BEGIN

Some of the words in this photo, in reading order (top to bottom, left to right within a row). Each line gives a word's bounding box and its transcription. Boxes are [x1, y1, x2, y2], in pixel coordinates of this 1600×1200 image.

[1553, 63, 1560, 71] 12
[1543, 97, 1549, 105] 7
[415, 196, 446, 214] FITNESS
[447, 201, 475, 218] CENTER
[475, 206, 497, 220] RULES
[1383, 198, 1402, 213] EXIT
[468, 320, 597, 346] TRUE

END

Exercise brief —
Top to bottom, set down the entries above word for word.

Solution to this problem —
Some of the words in this photo, in reading order (top to bottom, left to right within a row). Each line gives a word's bounding box and its transcription. Boxes are [x1, y1, x2, y2], in pixel coordinates of this 1600×1200 image.

[1553, 63, 1560, 71] 12
[1543, 97, 1549, 105] 7
[415, 196, 446, 214] FITNESS
[447, 201, 475, 218] CENTER
[475, 206, 497, 220] RULES
[1383, 198, 1402, 213] EXIT
[468, 320, 597, 346] TRUE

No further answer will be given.